La Fille Élisa vient de paraître : scandale ; on parlait de poursuites. Goncourt dîne chez la Princesse Mathilde, Elle le regarde « avec une tendresse un peu intriguée ; » elle lui dit : « Comme vous faites des choses qui vous ressemblent peu ! C’est abominable ! c’est abominable !... » Et, ajoute Goncourt, « elle fuit ma réponse. » Qu’est-ce qu’il aurait donc répondu ? Qu’il avait peint la vérité, qu’il l’avait peinte avec bravoure.

Cette bravoure, dont se vantent les écrivains en pareil cas, est excellente ou inutile selon l’usage qu’ils en font. Je ne leur sais pas gré d’une bravoure qu’ils n’emploieraient qu’à offenser le bon goût ; je leur saurais gré d’une timidité qui les rendrait de plus agréables conteurs.

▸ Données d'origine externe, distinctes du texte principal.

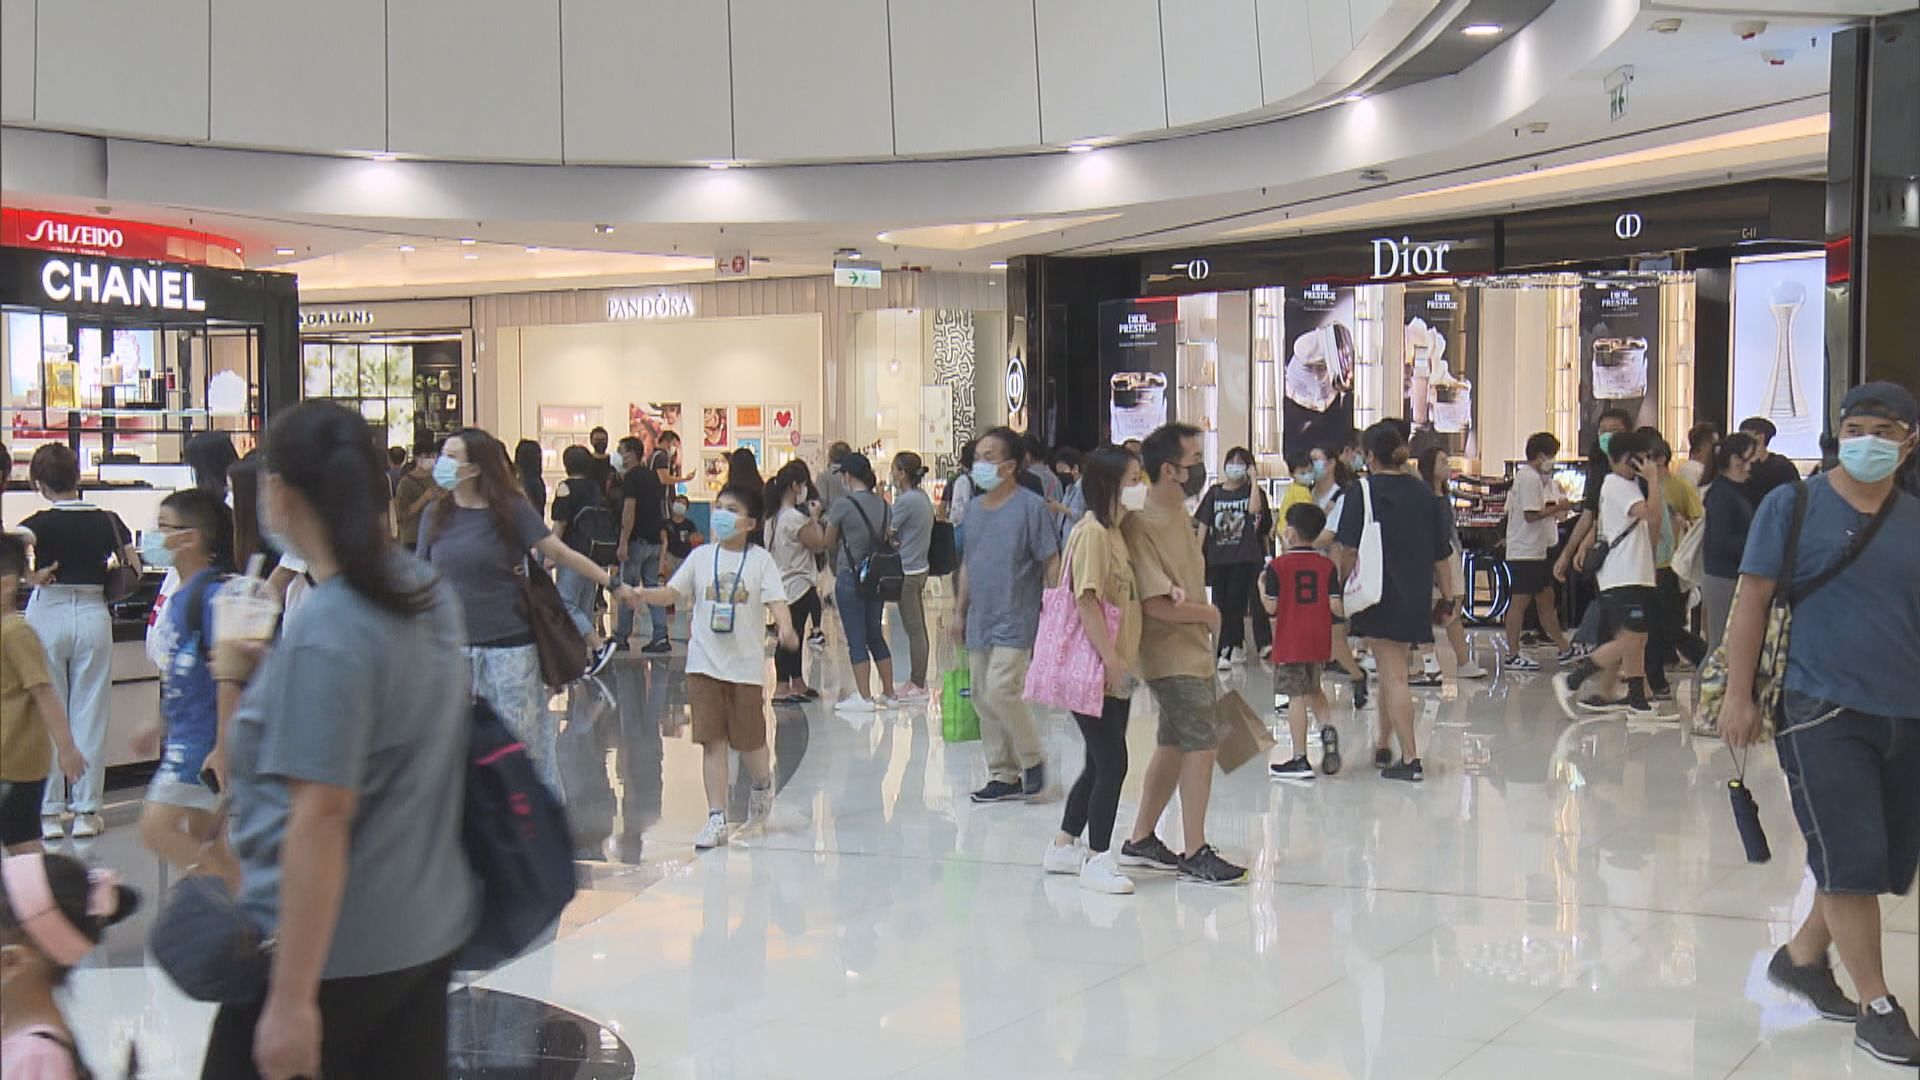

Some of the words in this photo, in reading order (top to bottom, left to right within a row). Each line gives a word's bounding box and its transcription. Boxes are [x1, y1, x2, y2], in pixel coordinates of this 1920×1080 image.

[26, 220, 123, 248] SHISEIDO
[1370, 236, 1449, 279] Dior
[42, 260, 206, 311] CHANEL
[607, 293, 692, 319] PANDORA
[1602, 298, 1638, 307] PRESTIGE
[307, 312, 374, 325] ORIGINS
[1119, 323, 1157, 334] PRESTIGE
[1296, 571, 1317, 604] 8

Puis la bravoure d’un auteur, au bout de quelque temps, ne se voit plus, cette bravoure qu’il y eut à étonner les contemporains, à encourir leur blâme ou leur dédain ; ni la bravoure, ni l’audace. Il n’est rien de plus vain que l’audace, en littérature, je vous le jure ! Il n’est rien de plus facile et rien qui laisse moins de traces. Veuillez relire Germinie Lacerteux et la Fille Élisa ; informez-vous : on vous dira que ces romans étaient hardis, l’un en 1865, et l’autre en 1877. Jamais vous ne vous en apercevriez, si les témoignages des Goncourt et de leurs amis ne vous avertissaient d’y songer. Vous n’êtes pas scandalisés, mais importunés par tant de mornes turpitudes qui sont les deux histoires de Germinie et d’Élisa. Les audaces démodées ont un pauvre petit air et ne suffisent pas à orner les romans très ennuyeux. Goncourt a beau vous répéter : « C’est moderne ; c’est la vérité moderne ; l’art moderne, » et moderne à tout bout de champ, — ce ne l’est plus !...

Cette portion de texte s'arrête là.